Parmi les produits compatibles avec la charia, on trouve les fameuses «soukouks», des obligations adossées à des actifs. Les fonds recueillis auprès des investisseurs sont transférés vers une société dédiée, un fonds commun de créances, qui va se charger de réaliser les investissements et de recueillir les revenus de ces placements pour les transférer ensuite aux investisseurs. Lors de ces montages financiers, le souscripteur n’a généralement aucun droit de propriété sur le bien adossé, ce que nombre d’investisseurs naïfs ont découvert à leurs dépens lors de la récente débâcle de Dubai que des «soukouks» arrivées à échéance ont déclenchée. Comme les actions, les «soukouks» ne sont donc pas à l’abri d’entreprises qui vont mal.
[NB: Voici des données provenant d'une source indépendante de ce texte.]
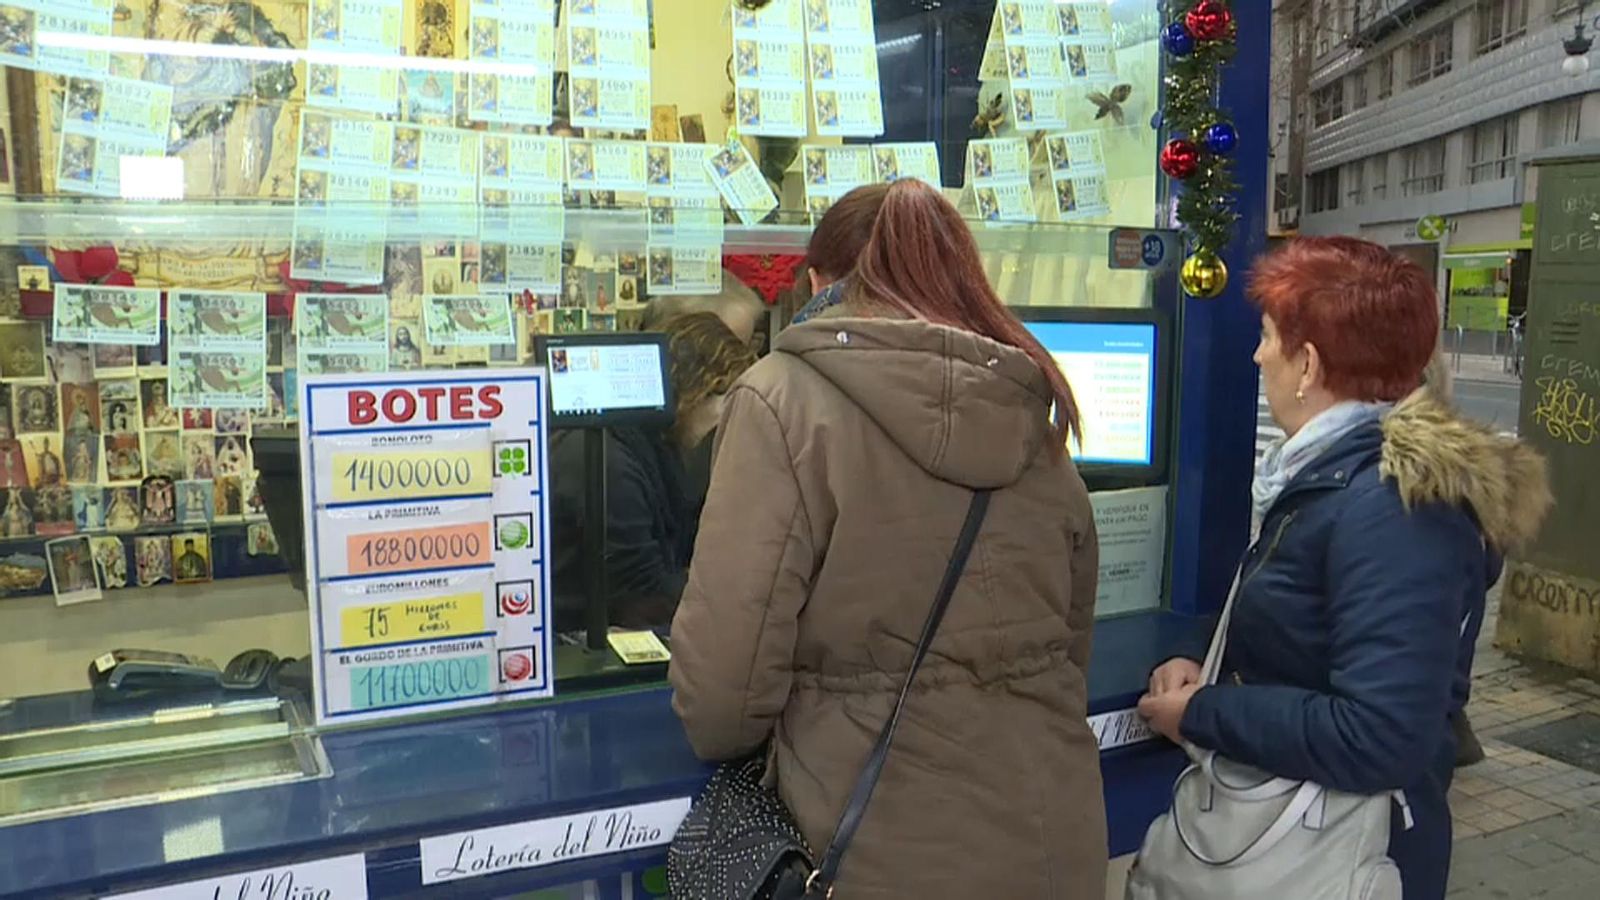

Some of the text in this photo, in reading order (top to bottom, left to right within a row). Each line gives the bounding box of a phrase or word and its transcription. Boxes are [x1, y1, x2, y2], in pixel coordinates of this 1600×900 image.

[348, 385, 504, 426] BOTES
[345, 457, 471, 492] 1400000
[368, 510, 383, 520] LA
[361, 532, 481, 568] 18800000
[362, 606, 392, 638] 75
[339, 655, 351, 665] EL
[397, 647, 412, 659] DE
[414, 646, 427, 657] LA
[429, 640, 484, 655] PRIMITIVA
[359, 658, 480, 706] 11700000
[435, 811, 661, 878] Lotería del Niño
Différents modes de financements avec partage des risques entre investisseurs et entrepreneurs sont possibles. Lors d’une «moucharaka», les deux parties partagent pertes et profits. Dans le cas d’une «Mudarabah», en revanche, les entrepreneurs ne sont pas pénalisés en cas d’échec, seuls les bailleurs de fonds devant apporter du capital, une autre spécificité de la finance islamique.

Comme elles n’ont pas le droit de percevoir des intérêts, les banques génèrent leurs revenus par des systèmes de commissions. Par exemple, elles achètent puis revendent immédiatement des produits majorés que les investisseurs paient par tranches à terme. «Pour les établissements financiers, les marges sont comparables à celles qu’ils connaissent dans la finance conventionnelle», assure Michel Storck.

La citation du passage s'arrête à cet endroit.